Over the past month I've experienced a powerful lesson in opportunity costs. And it makes me feel old. Which won't make any sense, so let me back up a few years…

I was a strange teenager. I was unusually well-behaved — ask my parents. I certainly have my share of silly stories of awkward adolescence but the important point here is that I wasn't self-destructive — I generally spent my time on useful things that invested in my future. Lots of reading, learning technical skills, that sort of thing. (I can't say lots of studying, because I was content enough to get by without a lot of effort.) This carried on through my college years and even though "there's a time and a place for everything and it's called college" I didn't treat it that way.

When my peers were going through the wild / carefree / dangerous / partying phase, I was busy being more "responsible", pursuing hobbies that were directly responsible for landing me my job. I missed all of the fun when I was younger.

So now that I've taken a couple dives into that end of the pool (read as: "let women get me drunk") my natural inclination to overanalyze everything has had me reevaluating the last decade of my life. Over and over again. When I drink I don't just lose that evening, I keep thinking about it for days. I fear I would be an excellent object of study for some underworked psychologist; I think I'm several standard deviations away from normal.

The reason I feel old, and the connection to opportunity costs, is that I feel so unnatural in the carefree lifestyle that I don't think it's something I could capture and properly experience even if I had the inclination to do so. I'm so naïve and inexperienced that it would be embarrassing to make the attempt. I would need a very patient teacher. The opportunity cost of concentrating on my skills and career this past decade is that I may never be able to capture the experiences I earlier chose to forgo. And isn't that what makes people feel old — the realization that some opportunities are gone forever?
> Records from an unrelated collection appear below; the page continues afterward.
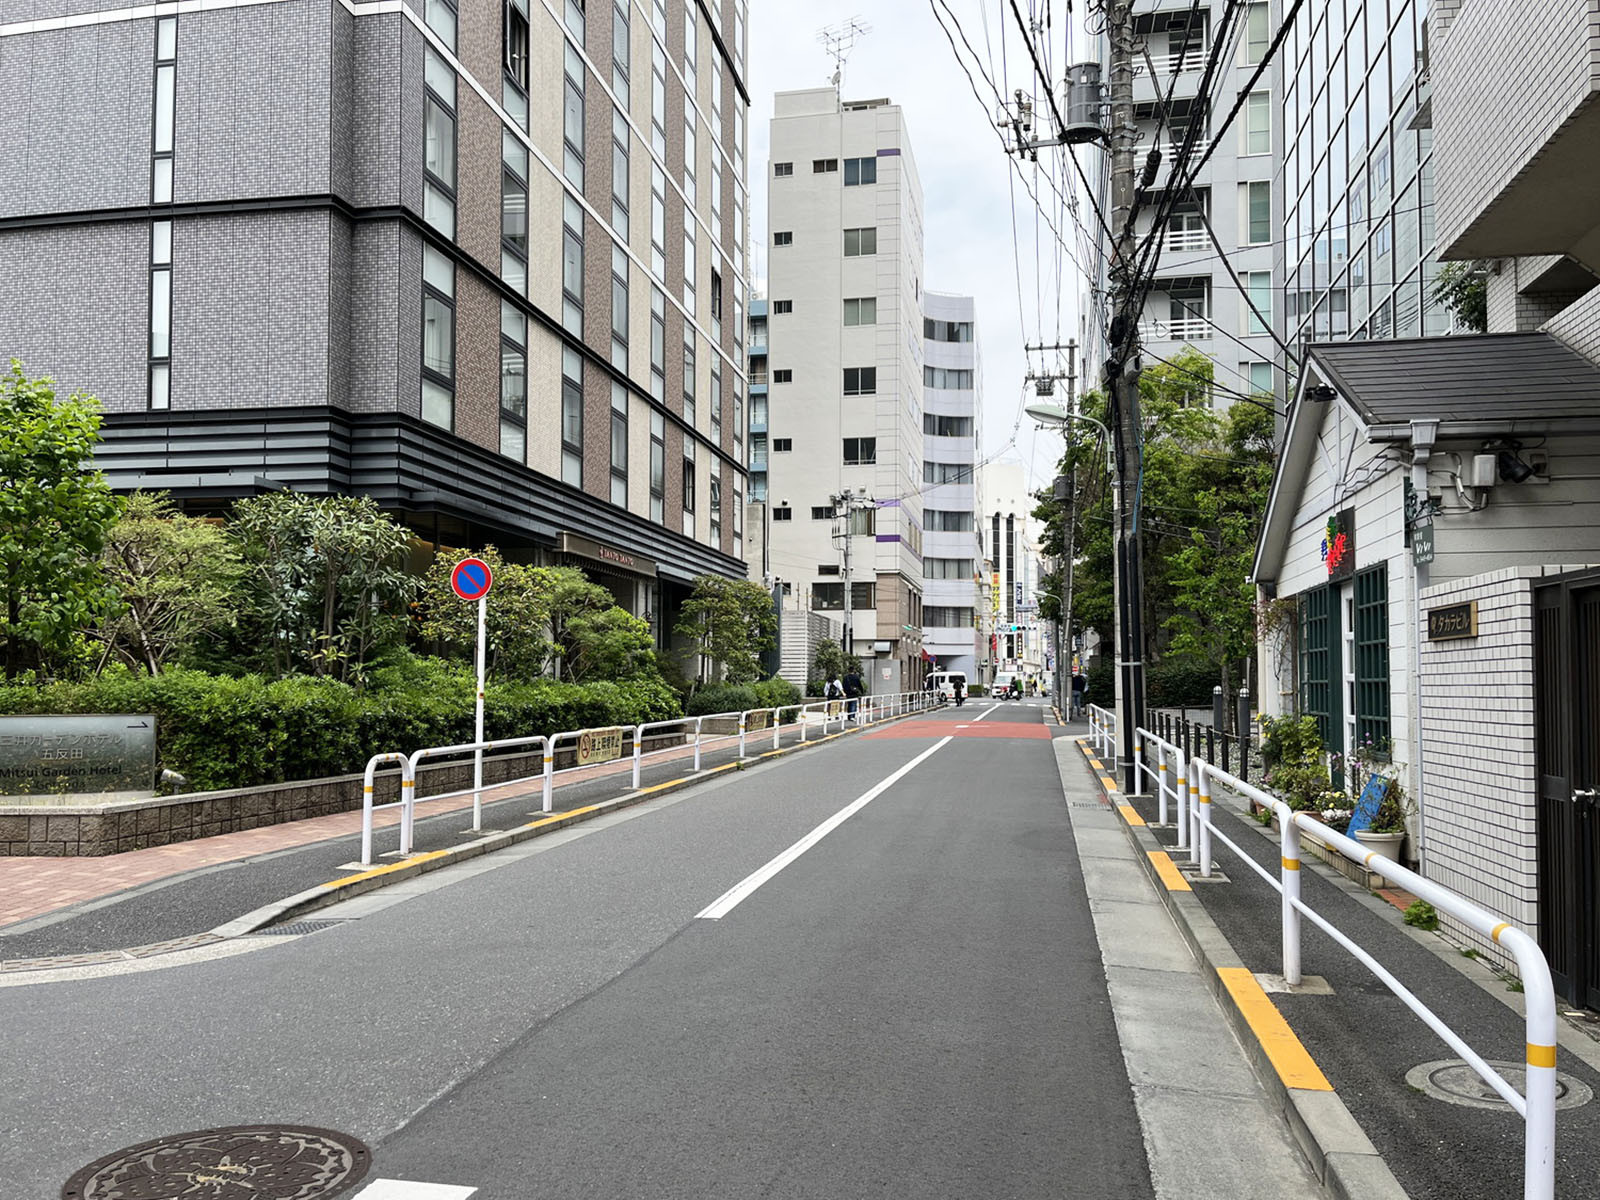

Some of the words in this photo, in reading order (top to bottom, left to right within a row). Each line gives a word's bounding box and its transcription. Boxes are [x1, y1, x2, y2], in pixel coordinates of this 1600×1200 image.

[41, 748, 84, 760] 五反田
[0, 767, 38, 779] Mitsui
[41, 766, 87, 777] Garden
[90, 764, 122, 775] Hotel
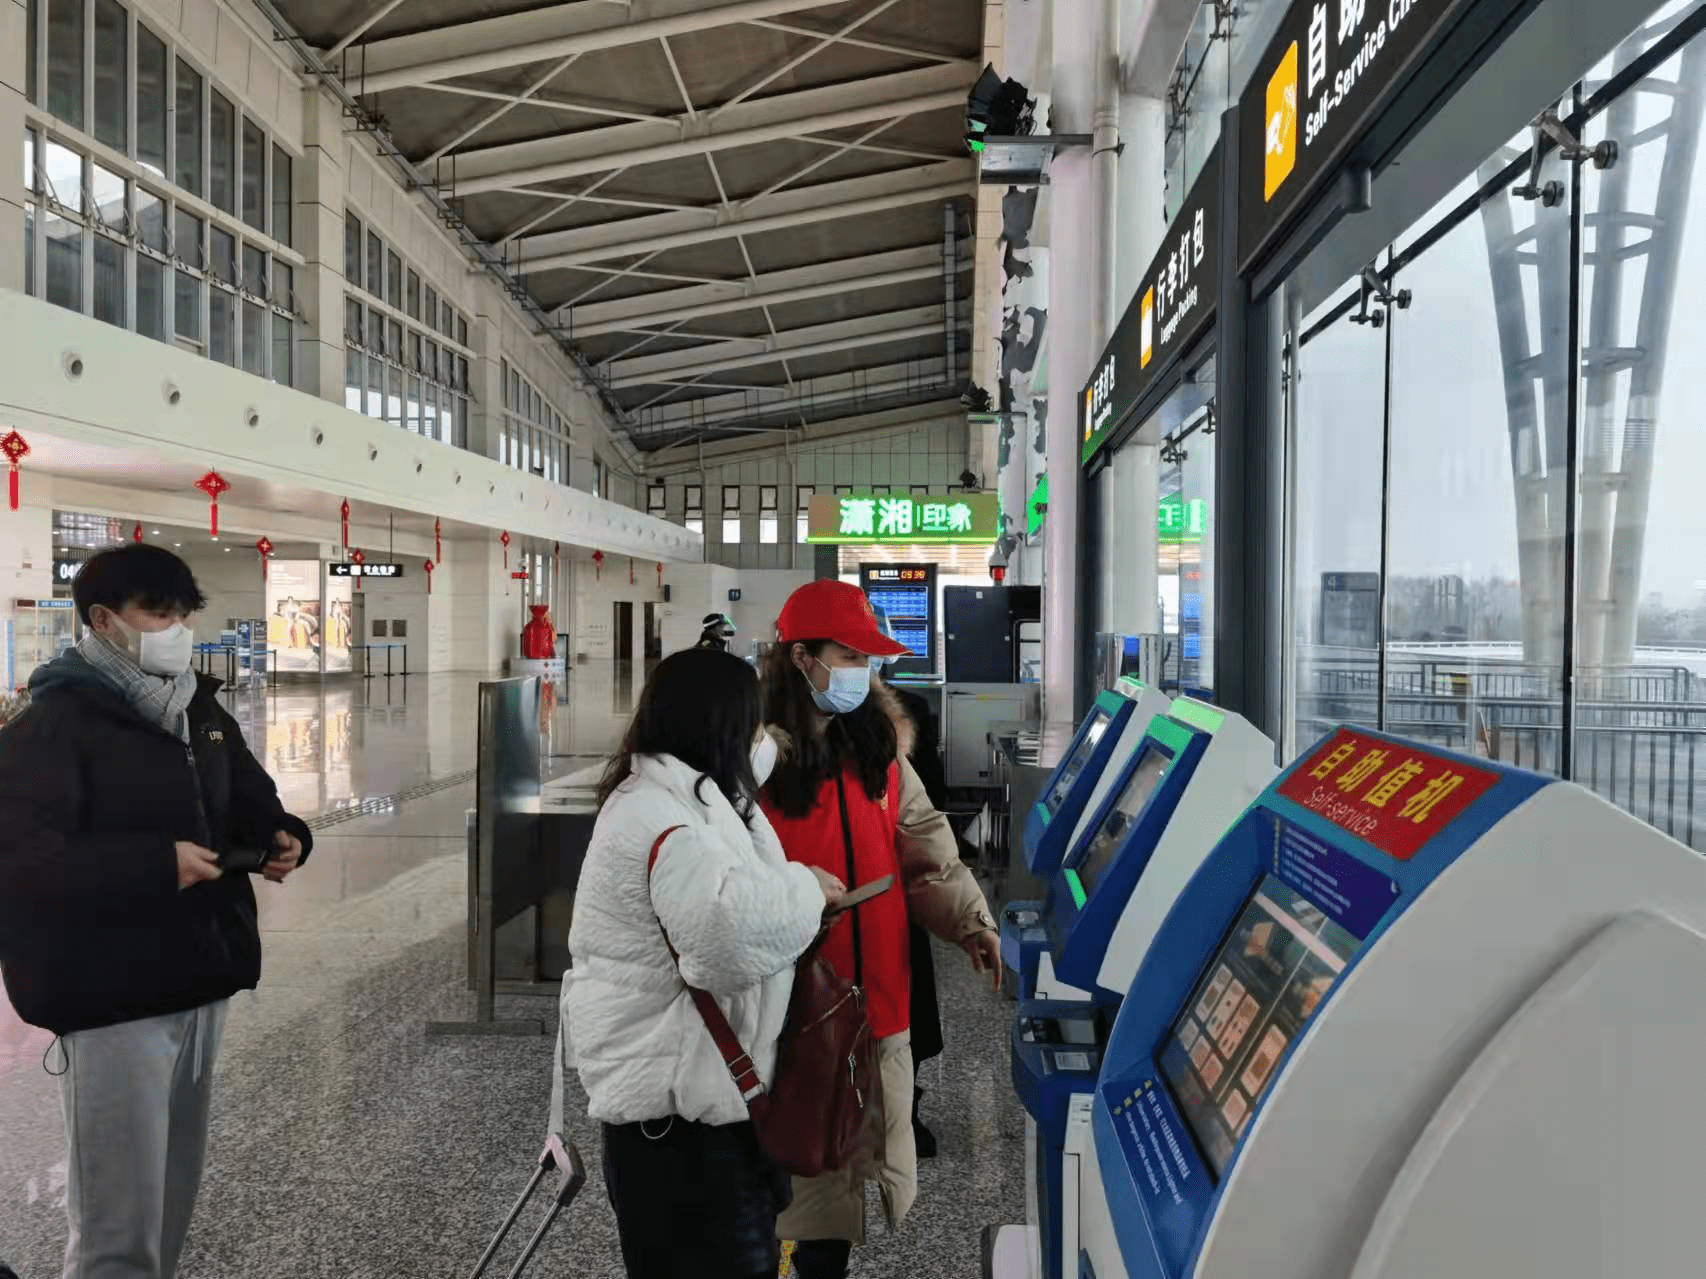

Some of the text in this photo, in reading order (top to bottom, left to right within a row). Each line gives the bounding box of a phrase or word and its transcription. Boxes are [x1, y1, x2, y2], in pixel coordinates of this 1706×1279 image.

[1305, 20, 1386, 146] Self-Service
[1157, 208, 1204, 322] 行李打包
[1307, 739, 1465, 824] 自助值机
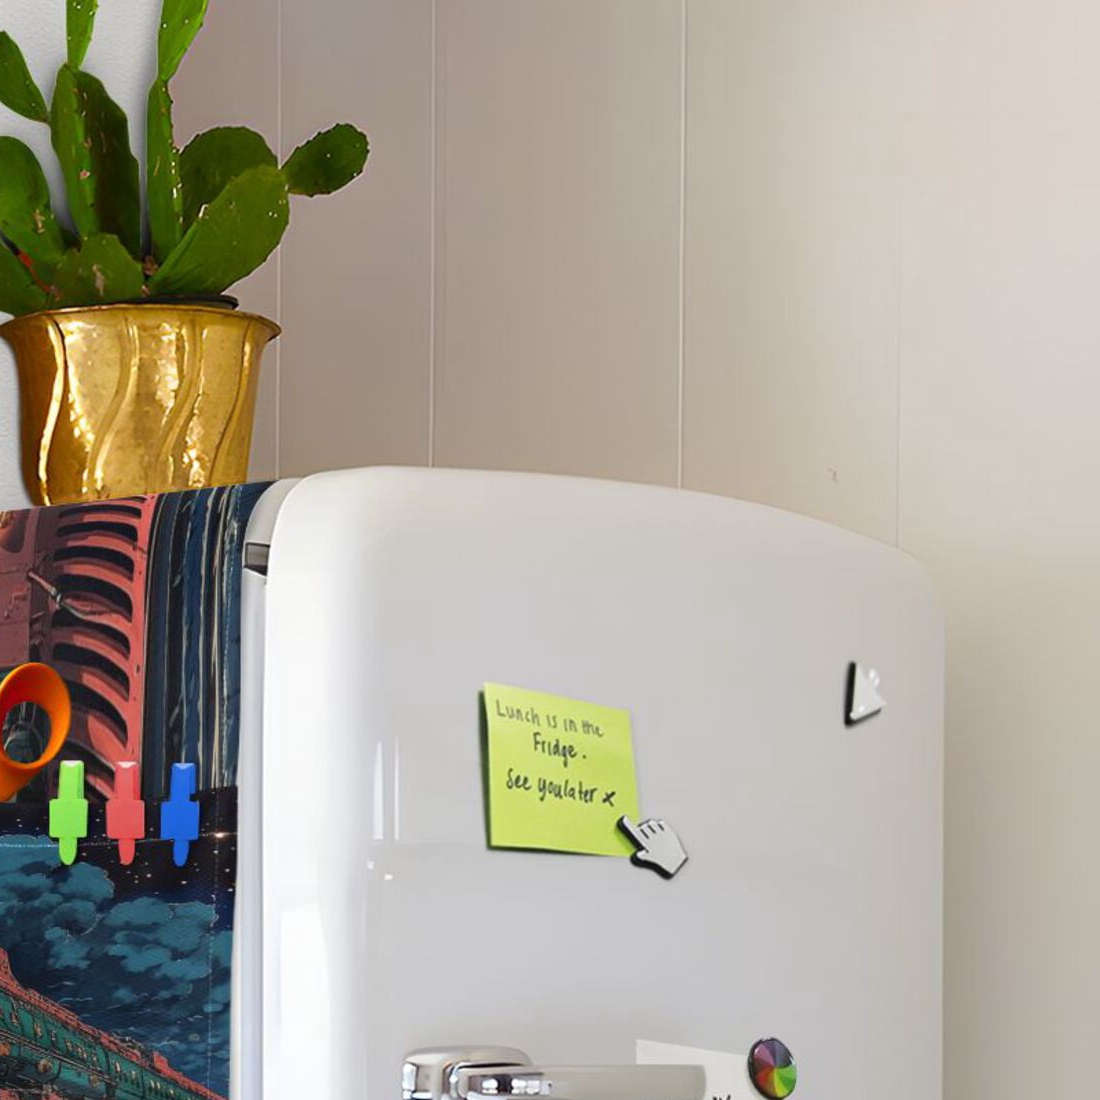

I feel like I made a choice years ago with permanent consequences that I wasn't aware of when I made the choice. And I wonder what life would have been like if I had chosen differently, and been a little less serious about everything. I would probably have a good career but not a great career. I would be satisfied with it, not knowing that what I have now was a possibility. I wouldn't have as much money, but that probably wouldn't matter to my alternate self. I'd probably be married, which would. I'd be much more well-rounded as a person instead of the near idiot savant I fear I am today.

I can visualize how my life would have been different, and believe it would have been better along several vectors that I'm currently unsatisfied with. And of course, worse on others. But I'm not quick to conclude which set of choices would have made me the happier person overall. It's this uncertainty that keeps me thinking about it.

I know what you're thinking: "Sheeh, just lighten up!" Belay that thought for a moment — I'm writing all this because I can't lighten up. That's one of the things I'm not good at, okay?